* **TASK**
The entries below are to be repeated exactly, and their pictures left out.

Start of SOURCE INFORMATION

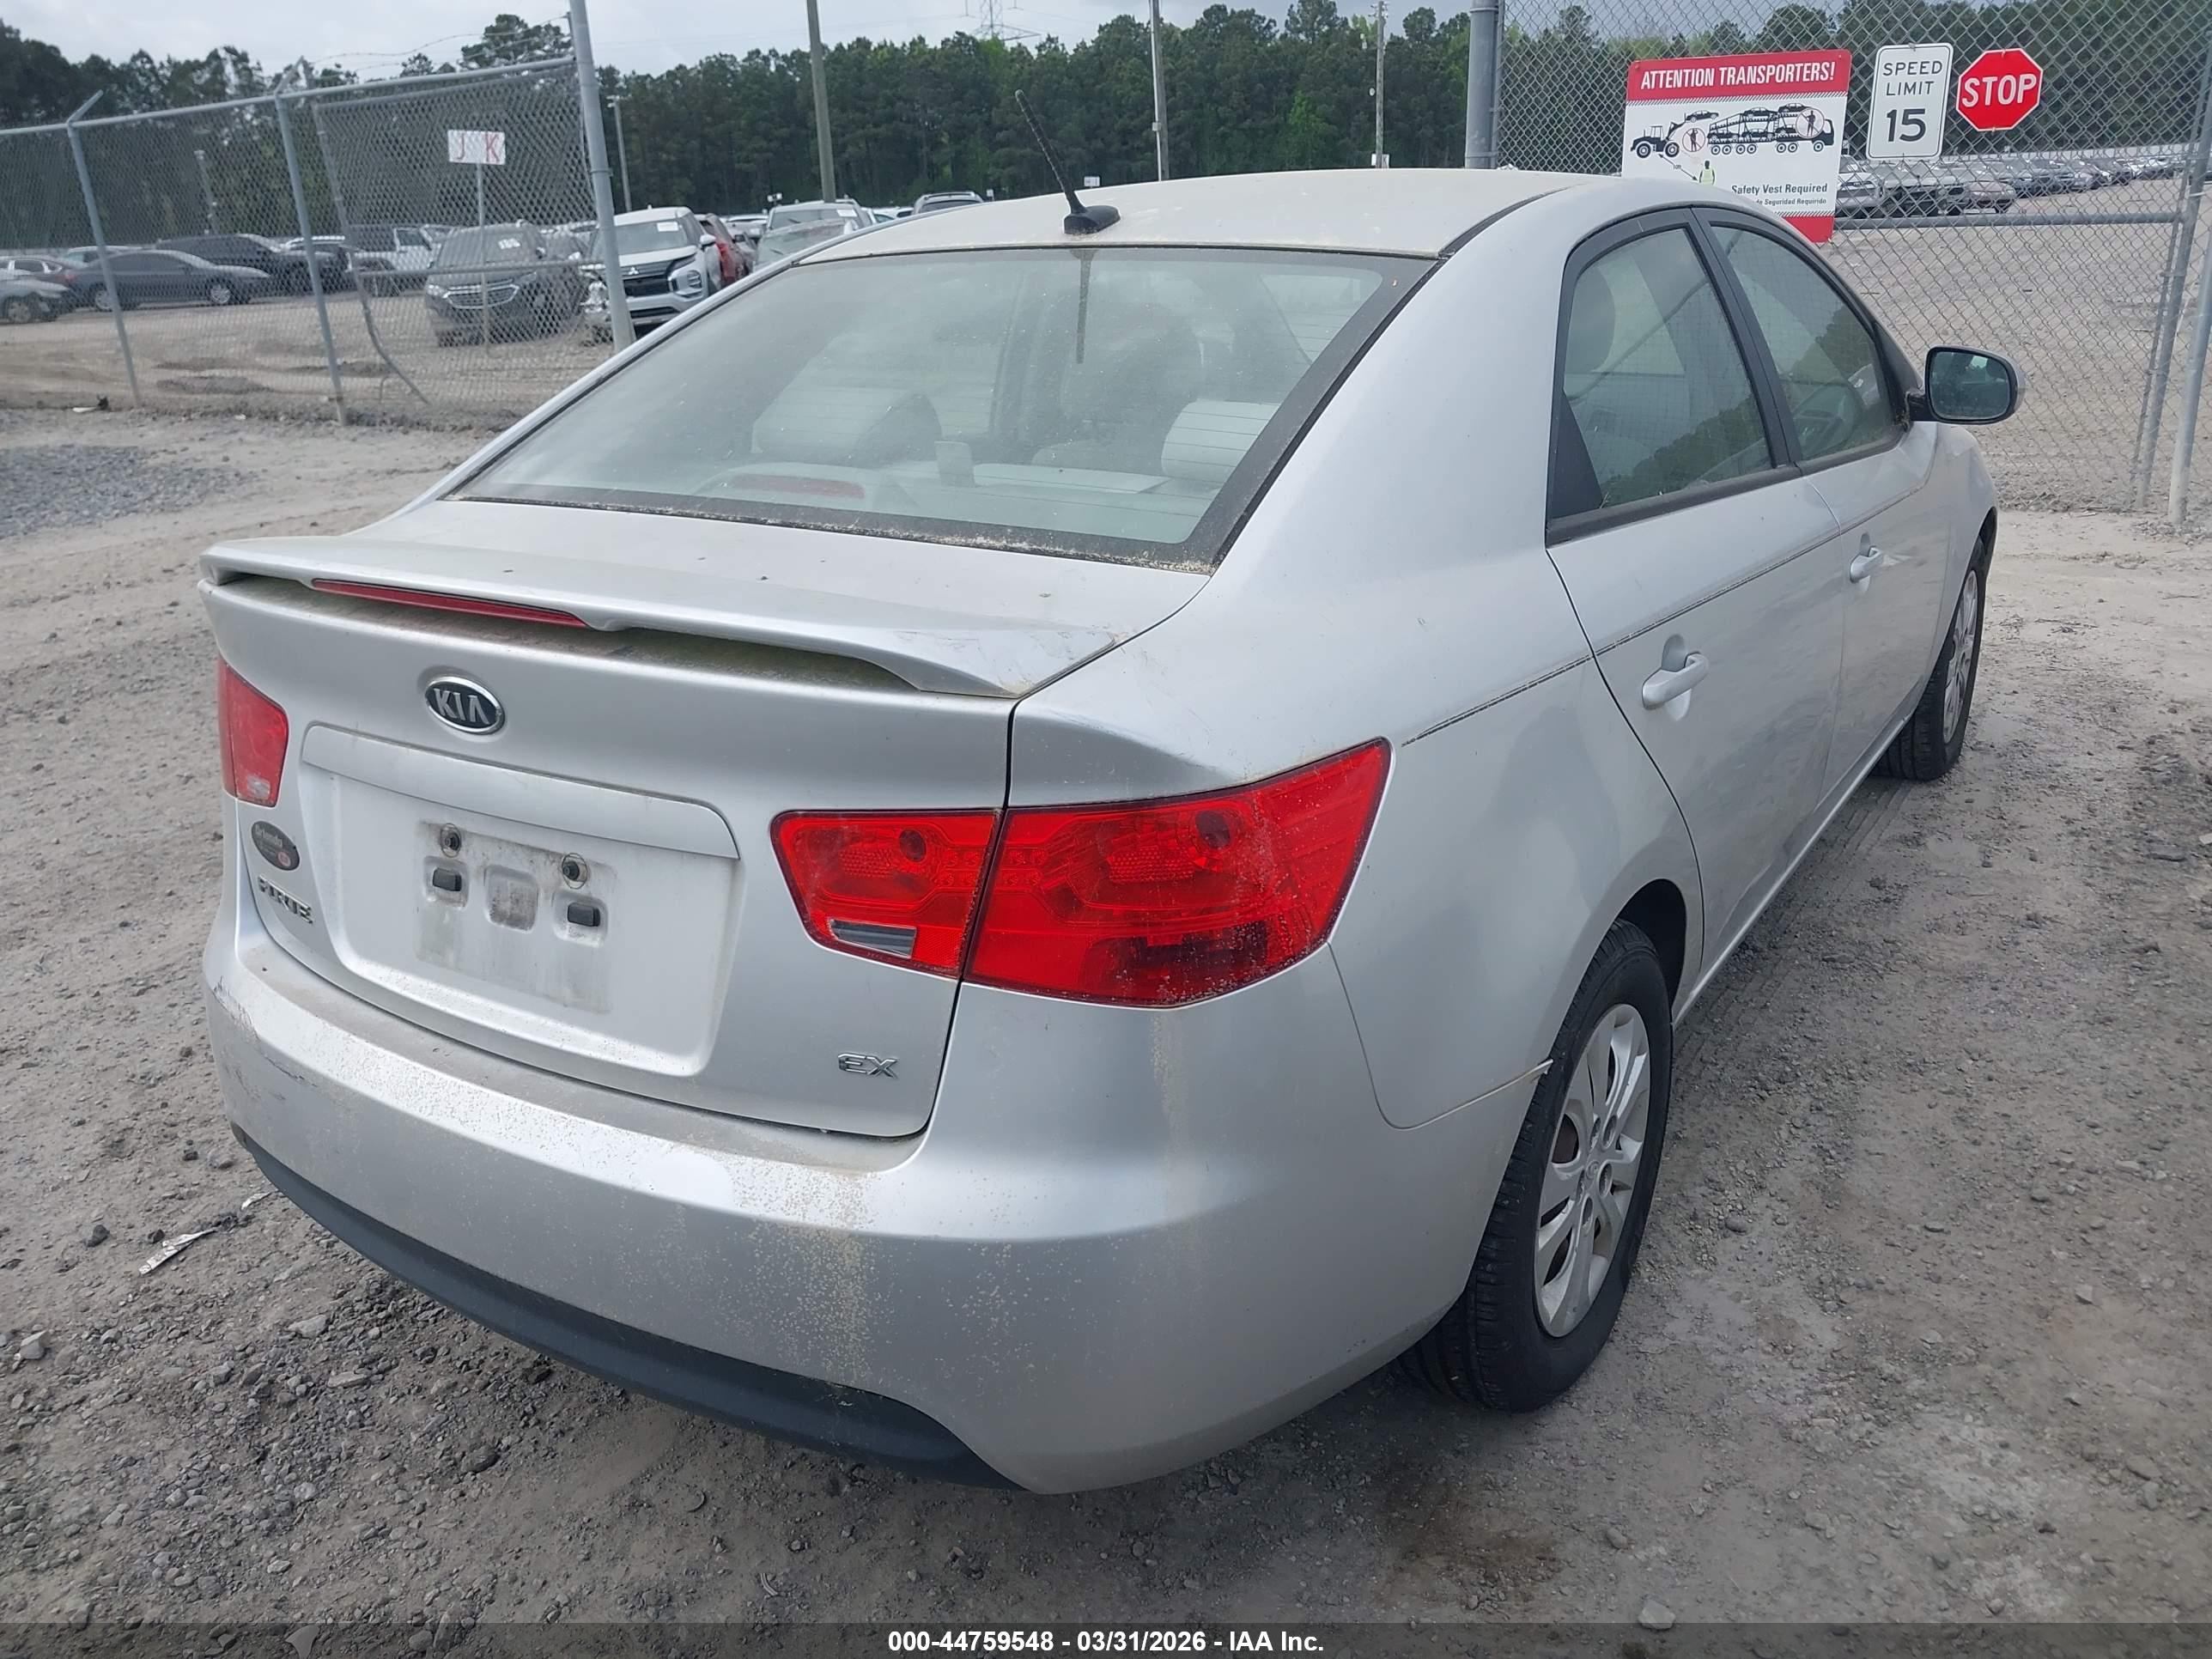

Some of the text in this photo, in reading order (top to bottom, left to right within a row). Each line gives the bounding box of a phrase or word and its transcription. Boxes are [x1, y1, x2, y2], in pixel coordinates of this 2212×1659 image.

[1641, 62, 1836, 89] ATTENTION TRANSPORTERS!
[1883, 61, 1943, 76] SPEED
[1886, 81, 1935, 96] LIMIT
[1961, 73, 2037, 108] STOP
[1886, 108, 1927, 143] 15
[484, 131, 501, 162] K
[1731, 183, 1828, 196] Safety Vest Required
[434, 688, 490, 725] KIA
[837, 1053, 898, 1079] EX

End of SOURCE INFORMATION

* **WRITTEN ANSWER**
Some of the text in this photo, in reading order (top to bottom, left to right within a row). Each line gives the bounding box of a phrase or word and its transcription. Boxes are [x1, y1, x2, y2], in pixel coordinates of this 2212×1659 image.

[1641, 62, 1836, 89] ATTENTION TRANSPORTERS!
[1883, 61, 1943, 76] SPEED
[1886, 81, 1935, 96] LIMIT
[1961, 73, 2037, 108] STOP
[1886, 108, 1927, 143] 15
[484, 131, 501, 162] K
[1731, 183, 1828, 196] Safety Vest Required
[434, 688, 490, 725] KIA
[837, 1053, 898, 1079] EX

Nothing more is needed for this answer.